When the name Cyril Blažo (born 1970 in Bratislava) is spoken, the first association will in all probability be an unforgettable, slightly comical figureon the Slovak art scene. If harmony of a personality and its work is at all possible with someone, then that someone is Blažo. His works are just like he is – small, witty, pertinent, original and spontaneous.
Blažo established himself on the visual arts scene before the mid 1990s. In 1994 he graduated from the Bratislava Academy of Fine Arts and Design in the studio of Professor Daniel Fischer. During his studies he was together with artists such as Boris Ondreička, Stano Dančiak, Jr. and Ivan Marko a member of the group 00, and later of the group named Blondiak. His early work, characterised mainly be expressive graphic art, was gradually replaced by that created by Blažo in multiple techniques – drawing, painting, graphic art, photograph or collages.
Blažo is often spoken of as a collector. He is not, however, a collector-archivist – his collection is not systematic or well-arranged. It’s more of a kind of spontaneous amassing of medial images that stem from a sudden interest in an object. The media image becomes the subject of a minimalist intervention. This, however, fundamentally changes the meaning; it comments on the appropriated depictions themselves and on the reality forced on them. His favourite technique consists of, for instance, collages made “without glue”. Blažo uses a two-sided print found, for instance, in the picture magazine, and simply cuts out and bends the paper and thereby overlaps and reveals the reproduction from both sides. Mona Lisa suddenly has, instead of an eye, a pentagram, the figure from  Picasso’s Guernica drowns (or bathes, according to the name of the work) in the grassy vegetation. Sometimes it’s enough to turn the picture 90 degrees and a mountain’s silhouette can turn into a human profile.

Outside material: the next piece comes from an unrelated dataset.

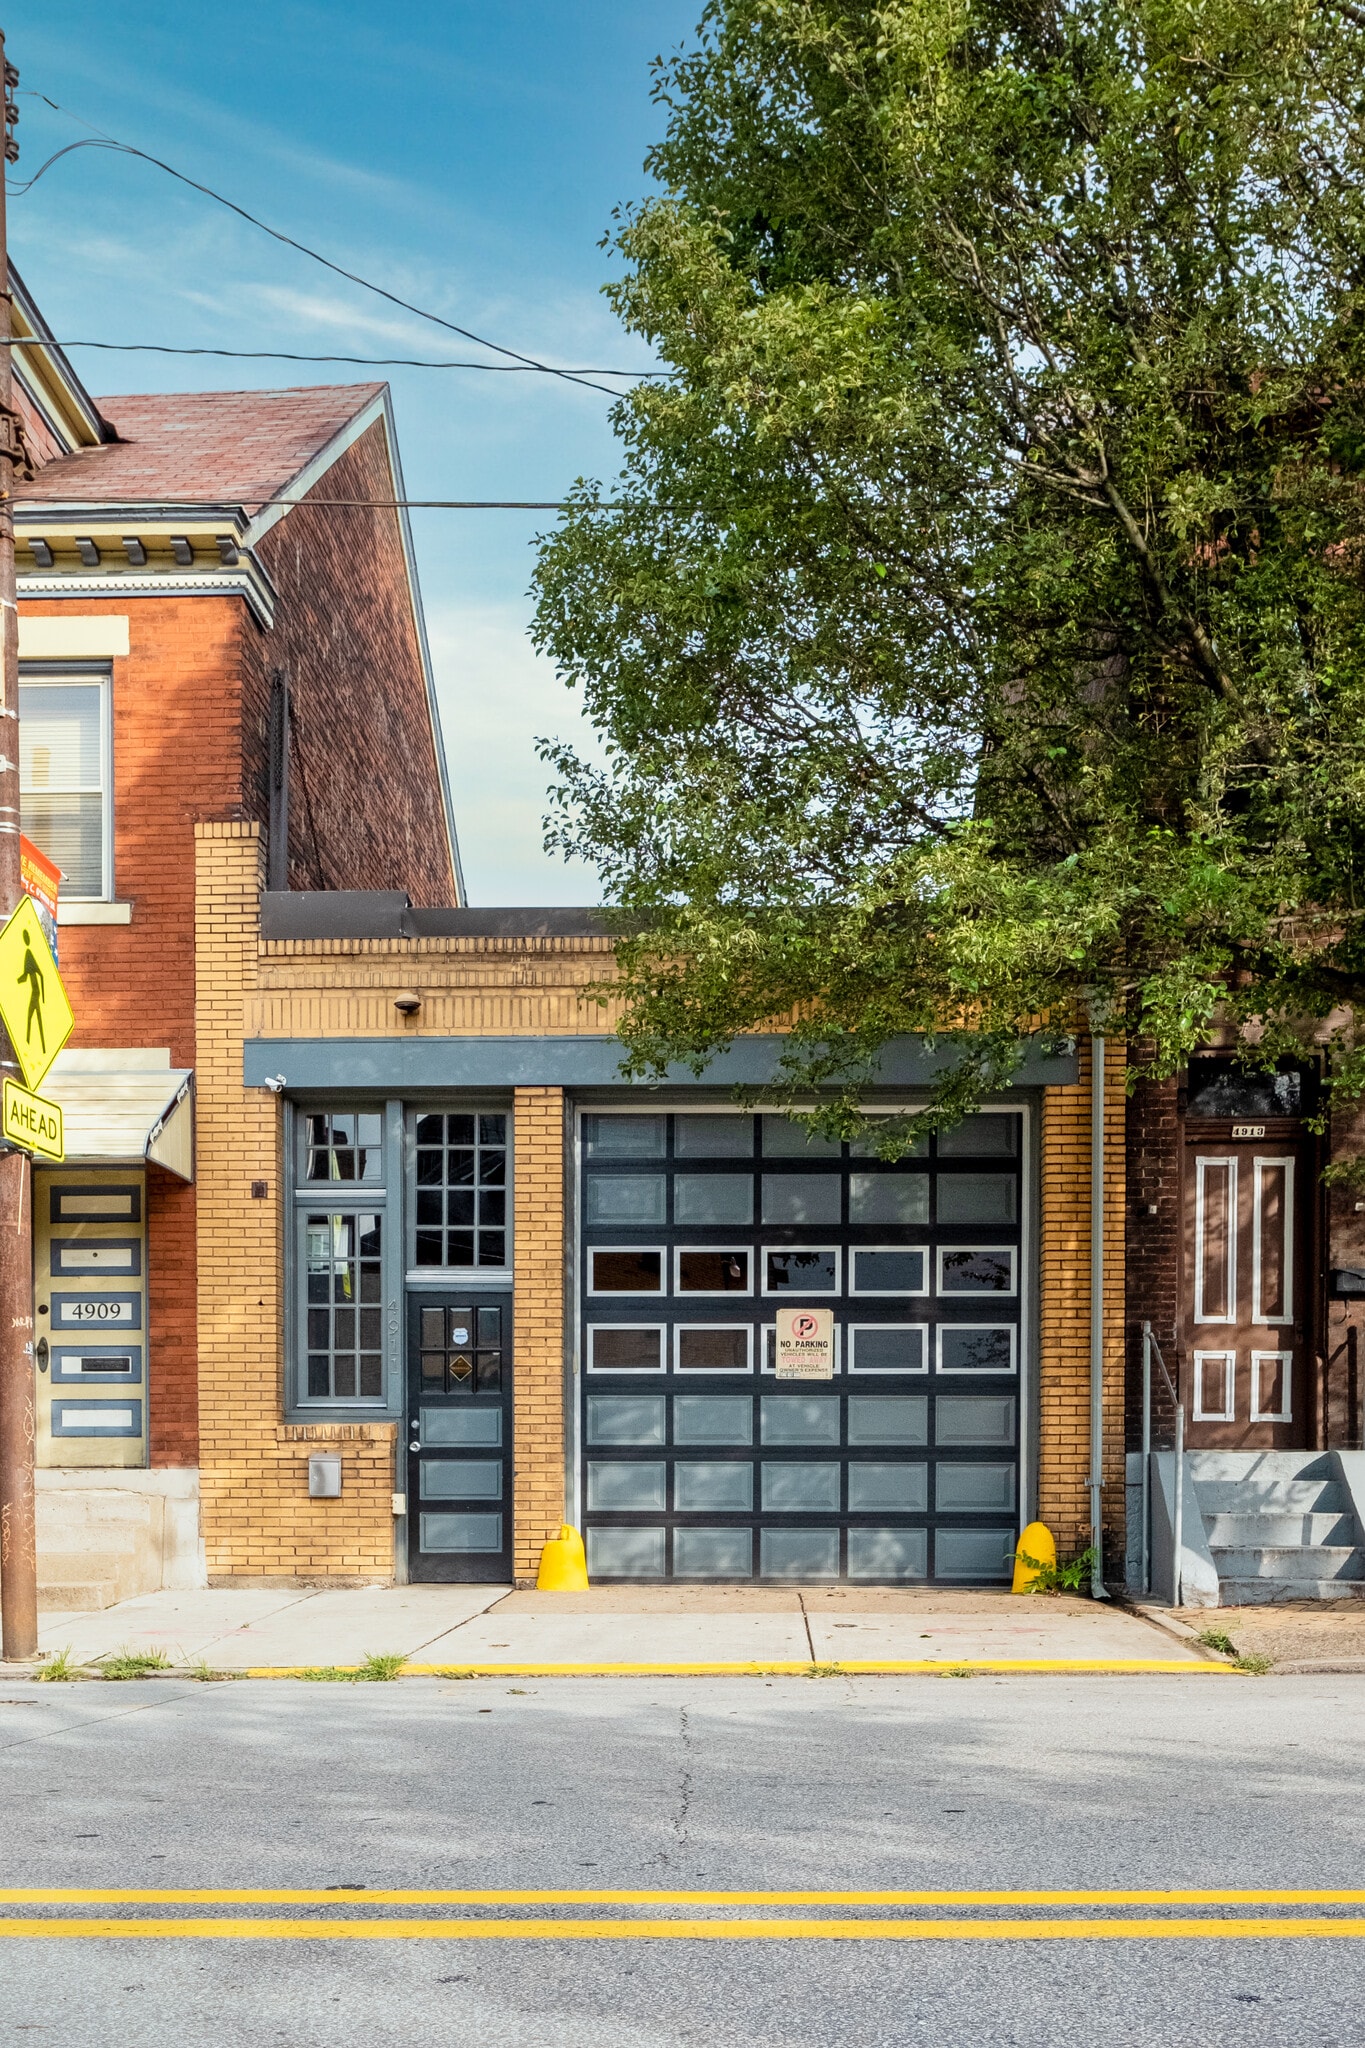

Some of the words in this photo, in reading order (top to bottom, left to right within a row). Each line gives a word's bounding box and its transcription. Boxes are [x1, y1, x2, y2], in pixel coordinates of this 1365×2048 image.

[11, 1100, 57, 1140] AHEAD
[1232, 1127, 1264, 1136] 4913
[72, 1303, 121, 1319] 4909
[387, 1299, 399, 1375] 4911

Some of Blažo’s works appear at firstglance to be positively banal. Many manage to provoke the imaginative art historian’s mind toward deeper thinking and interpretations, offering several levels of interpretation. It’s clear from the context of his work and from his personality that Cyril Blažo does not take it all that seriously. Every great theory around his art is completely unnecessary.

 

CYRIL BLAŽO, Star (From the Without Glue series), 2007, photo: archive of the Moravian Gallery in Brno.